* **Activity**
Exclude every picture and return the remaining entries below verbatim.
+---+
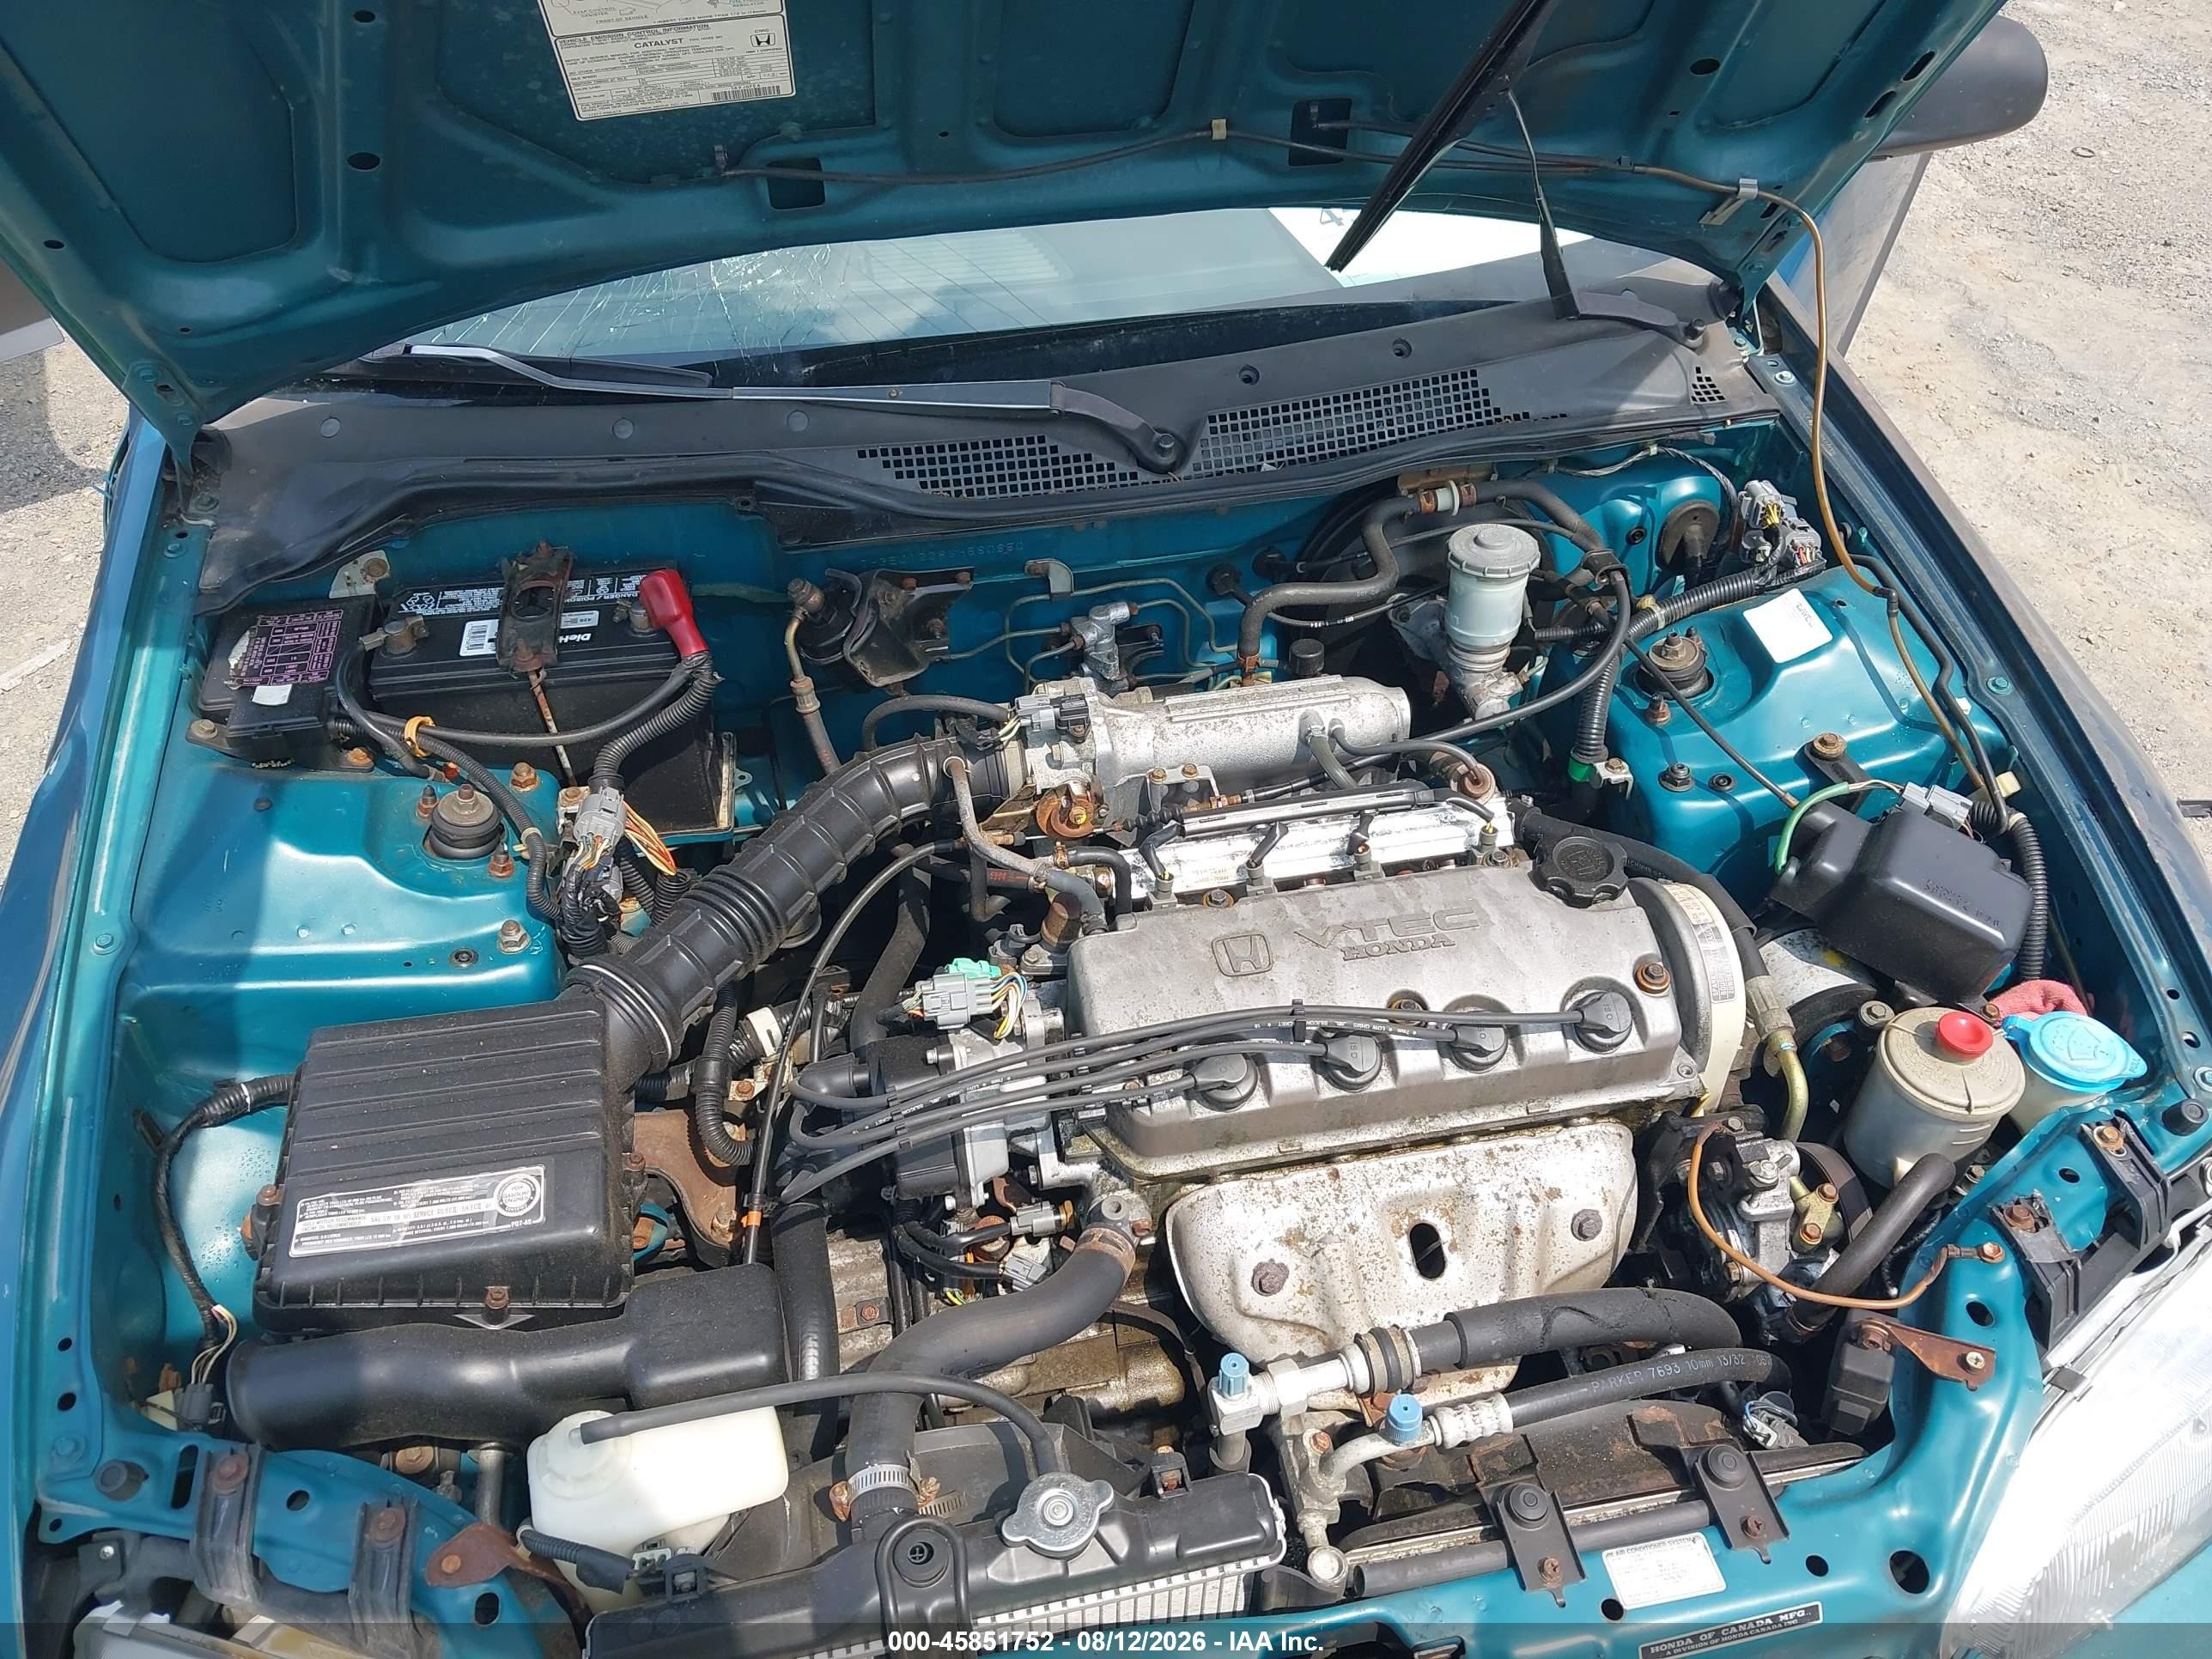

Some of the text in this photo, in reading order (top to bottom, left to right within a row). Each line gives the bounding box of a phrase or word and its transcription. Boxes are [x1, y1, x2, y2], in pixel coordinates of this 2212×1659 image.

[661, 23, 709, 32] INFORMATION
[633, 37, 684, 48] CATALYST
[558, 634, 591, 643] DieH
[1294, 905, 1480, 948] VTEC
[1340, 933, 1455, 962] HONDA
[413, 1209, 433, 1218] SERVICE
[1590, 1371, 1643, 1393] PRKER
[1648, 1362, 1680, 1379] 7693
[1686, 1358, 1714, 1370] 10mm
[1717, 1353, 1745, 1366] 13/32
[1616, 1547, 1626, 1556] AIR
[1626, 1540, 1667, 1554] CONDITIONER
[1650, 1638, 1693, 1654] HONDA
[1699, 1632, 1716, 1642] OF
[1721, 1618, 1772, 1636] CANADA
[1673, 1642, 1709, 1654] DIVISION
[1722, 1632, 1749, 1643] HONDA
[1749, 1622, 1783, 1635] CANADA
+---+
* **Your solution**
Some of the text in this photo, in reading order (top to bottom, left to right within a row). Each line gives the bounding box of a phrase or word and its transcription. Boxes are [x1, y1, x2, y2], in pixel coordinates of this 2212×1659 image.

[661, 23, 709, 32] INFORMATION
[633, 37, 684, 48] CATALYST
[558, 634, 591, 643] DieH
[1294, 905, 1480, 948] VTEC
[1340, 933, 1455, 962] HONDA
[413, 1209, 433, 1218] SERVICE
[1590, 1371, 1643, 1393] PRKER
[1648, 1362, 1680, 1379] 7693
[1686, 1358, 1714, 1370] 10mm
[1717, 1353, 1745, 1366] 13/32
[1616, 1547, 1626, 1556] AIR
[1626, 1540, 1667, 1554] CONDITIONER
[1650, 1638, 1693, 1654] HONDA
[1699, 1632, 1716, 1642] OF
[1721, 1618, 1772, 1636] CANADA
[1673, 1642, 1709, 1654] DIVISION
[1722, 1632, 1749, 1643] HONDA
[1749, 1622, 1783, 1635] CANADA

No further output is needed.